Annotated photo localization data

--- START ---

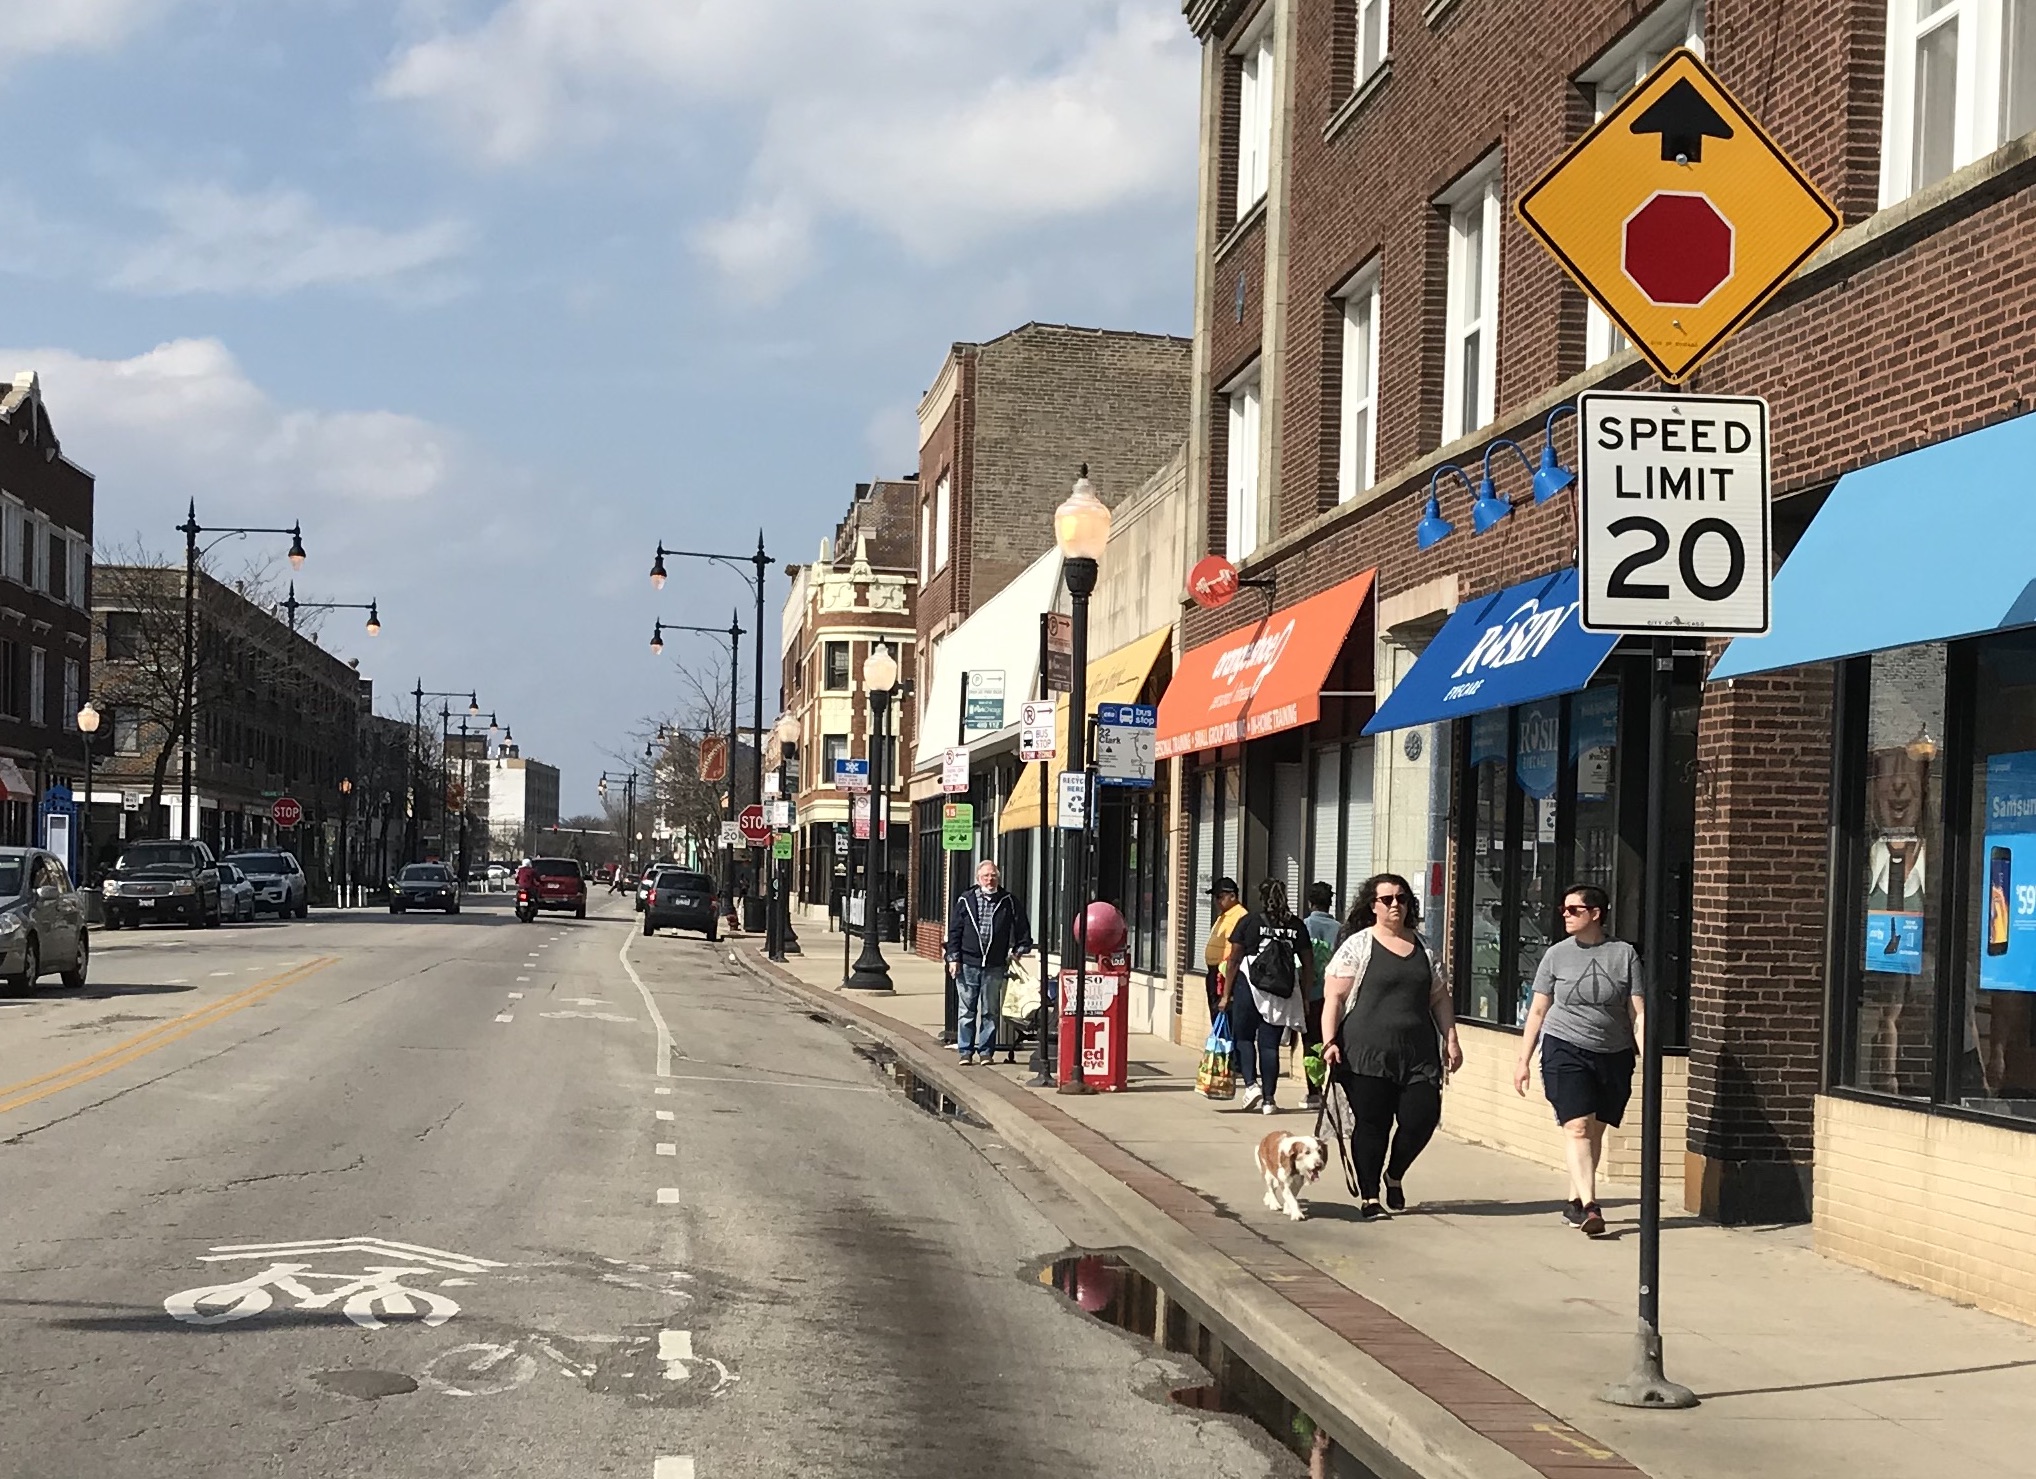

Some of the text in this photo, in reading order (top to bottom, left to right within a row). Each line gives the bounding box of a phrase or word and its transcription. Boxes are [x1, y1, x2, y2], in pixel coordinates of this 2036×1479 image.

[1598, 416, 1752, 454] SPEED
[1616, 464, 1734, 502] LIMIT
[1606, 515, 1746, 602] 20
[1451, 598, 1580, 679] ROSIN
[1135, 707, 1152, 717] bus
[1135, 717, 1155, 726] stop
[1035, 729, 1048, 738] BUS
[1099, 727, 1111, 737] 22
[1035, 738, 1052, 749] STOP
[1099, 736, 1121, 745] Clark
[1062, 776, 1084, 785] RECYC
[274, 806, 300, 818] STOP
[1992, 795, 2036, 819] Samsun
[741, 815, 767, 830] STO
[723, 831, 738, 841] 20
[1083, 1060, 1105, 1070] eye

--- END ---

■ DESCRIPTION OF THE TASK ■
Can you retype every record above exactly, leaving out the pictures?

■ RESPONSE AREA ■
Some of the text in this photo, in reading order (top to bottom, left to right within a row). Each line gives the bounding box of a phrase or word and its transcription. Boxes are [x1, y1, x2, y2], in pixel coordinates of this 2036×1479 image.

[1598, 416, 1752, 454] SPEED
[1616, 464, 1734, 502] LIMIT
[1606, 515, 1746, 602] 20
[1451, 598, 1580, 679] ROSIN
[1135, 707, 1152, 717] bus
[1135, 717, 1155, 726] stop
[1035, 729, 1048, 738] BUS
[1099, 727, 1111, 737] 22
[1035, 738, 1052, 749] STOP
[1099, 736, 1121, 745] Clark
[1062, 776, 1084, 785] RECYC
[274, 806, 300, 818] STOP
[1992, 795, 2036, 819] Samsun
[741, 815, 767, 830] STO
[723, 831, 738, 841] 20
[1083, 1060, 1105, 1070] eye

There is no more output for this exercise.